Als Lin Mu sein Haus erreichte, seufzte er. Er hatte in den letzten 24 Stunden viel erlebt und war jetzt mental total fertig. Früher hatte er sich immer auf ein bisschen Aufregung gefreut, aber das war jetzt echt zu viel für ihn.
„Lass uns ein bisschen ausruhen. Ich hab noch drei Stunden bis Sonnenuntergang“, murmelte Lin Mu vor sich hin, als er das Tor zu seinem Haus öffnete.
~Seufz~
Er ging in den Hof und seufzte müde. Jetzt, wo er sein Haus betreten hatte, fühlte er sich total erschöpft. Lin Mu hatte schon ein paar Aufgaben für den Abend geplant, deshalb wollte er erst ein bisschen trainieren und sich ausruhen.
Seltsamerweise fand er das Training ziemlich entspannend und es half ihm auch, neue Energie zu tanken. Lin Mu wollte gerade die Tür zu seinem Schlafzimmer öffnen, als sein Magen knurrte.
„Oh, bei all dem Trubel habe ich ganz vergessen zu essen. Ich werde mir etwas zubereiten“, dachte Lin Mu.
Also ging er in die Küche und kochte etwas Fleisch von einem Geisttier.

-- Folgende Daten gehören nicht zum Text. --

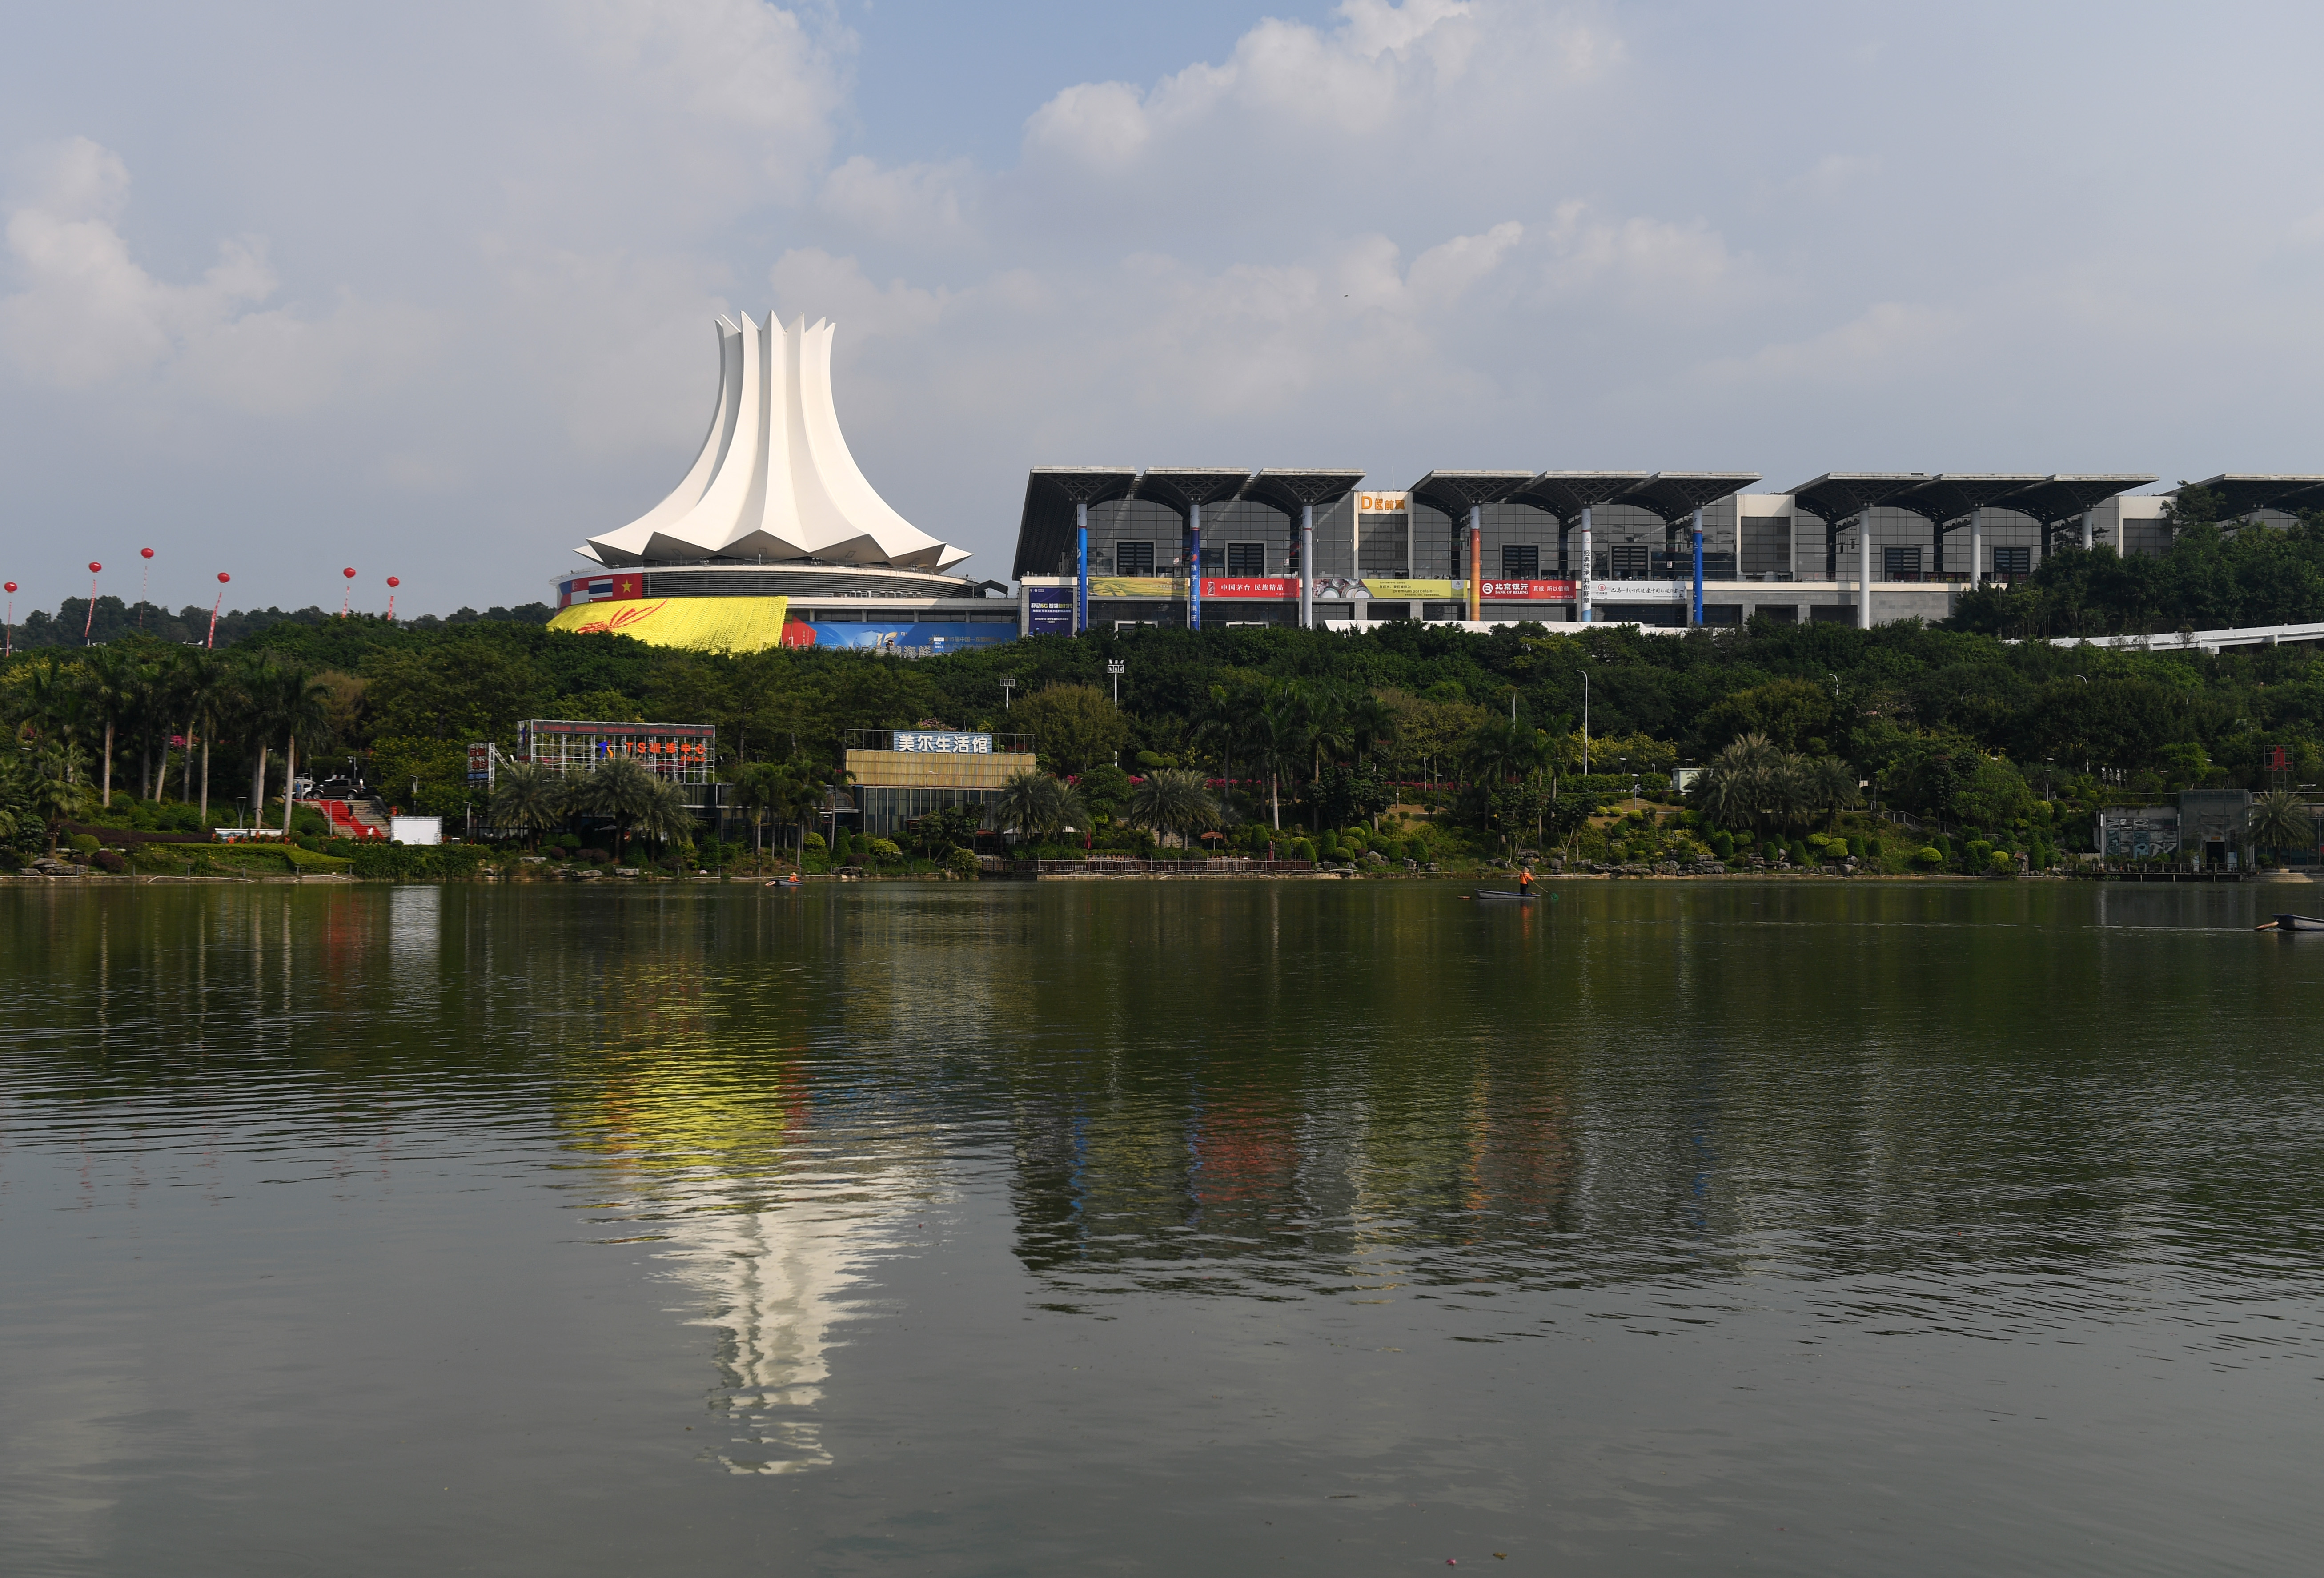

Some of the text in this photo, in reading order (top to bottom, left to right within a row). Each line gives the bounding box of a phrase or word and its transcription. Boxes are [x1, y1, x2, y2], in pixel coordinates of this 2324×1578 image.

[899, 734, 988, 753] 美尔生活馆

Fünfzehn Minuten später hatte er gegessen und saß nun mit gekreuzten Beinen auf seinem Bett.
„Endlich…“, murmelte Lin Mu.
Dann begann er, das Sutra der Herzenslösung zu rezitieren und mit seiner Kultivierung zu beginnen. Lin Mu stellte fest, dass sich seine Kultivierungsgeschwindigkeit ein wenig erhöht zu haben schien, vielleicht um ein paar Prozent.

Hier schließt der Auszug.